Tectonic shifts in the basis of competition are another big risk. Competition will come not just from other insurers, but from any firm that customers trust with their finances. Successful ecosystems built by shopping sites, payments players or ride-hailing apps may ultimately prove to be competitive threats to insurers. Ecosystem winners will be the firms that know their customers best and can offer propositions that customers trust to deliver superior value.
In highly regulated markets, as many European markets are, it’s easy to think that it will be too hard to scale ecosystems. For example, the UK has seen a number of early ecosystem plays that have mostly remained niche or foundered on the complexities of regulation or the necessary permissions to distribute multiple product lines.
Still, the direction of travel is clear: regulatory thinking on advice and guidance is looking to unlock the benefits of Open Finance. The 2021-22 Business Plan of the Financial Conduct Authority (FCA) took care to remind the industry that these benefits are a long-term priority. Other jurisdictions are aiming for a similar endpoint, but the pace and direction of change is set by the starting point of each market.
Who’s winning with ecosystems and how
Some insurers are already building ecosystems around their core products. Others are looking at how they can build the strategic capabilities to deliver short-term benefits and provide optionality for the future. What’s increasingly clear is that ignoring the global ecosystem trend is risky.
Early adopters have shown how ecosystems can drive innovation and growth. Vitality uses ecosystems to pay off its promise to make people healthier and enhance their lives. The company uses technology and a set of connected partners to address behavioral risk and prompt healthier lifestyles, an approach that pays off for both insurers and insureds.

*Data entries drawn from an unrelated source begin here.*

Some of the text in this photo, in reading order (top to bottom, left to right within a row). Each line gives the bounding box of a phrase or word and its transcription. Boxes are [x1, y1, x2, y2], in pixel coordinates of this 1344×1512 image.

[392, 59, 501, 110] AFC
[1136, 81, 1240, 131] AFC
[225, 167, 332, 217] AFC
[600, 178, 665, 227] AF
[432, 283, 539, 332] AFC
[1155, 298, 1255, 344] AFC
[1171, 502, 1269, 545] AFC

John Lewis, a leading UK insurer, offers an ecosystem designed around household policies. The central platform includes various InsurTechs that provide key capabilities, including those that give customers greater flexibility to match their coverages to their unique needs.
There’s equal potential for collaboration. In Asian markets, some competitors play on each other’s ecosystems. They have standardized on common digital wallets rather than offering competing ones, often because customers were voting with their feet over that preference.

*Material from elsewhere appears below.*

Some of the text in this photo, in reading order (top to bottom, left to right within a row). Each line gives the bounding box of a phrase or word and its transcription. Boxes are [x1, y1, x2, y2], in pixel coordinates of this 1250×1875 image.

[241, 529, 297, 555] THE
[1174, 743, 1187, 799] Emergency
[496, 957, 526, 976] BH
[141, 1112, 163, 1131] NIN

Because ecosystems concentrate value in the ecosystem itself, insurers must carefully consider when to compete and when to collaborate. We estimate that in established ecosystems as much as 75% of the value is in the customer relationship, with the underlying products priced at wholesale margins. Traditional, manufacturing-focused providers will need to ask themselves some tough questions about whether they can operate at these margins or whether they need a share of the relationship value.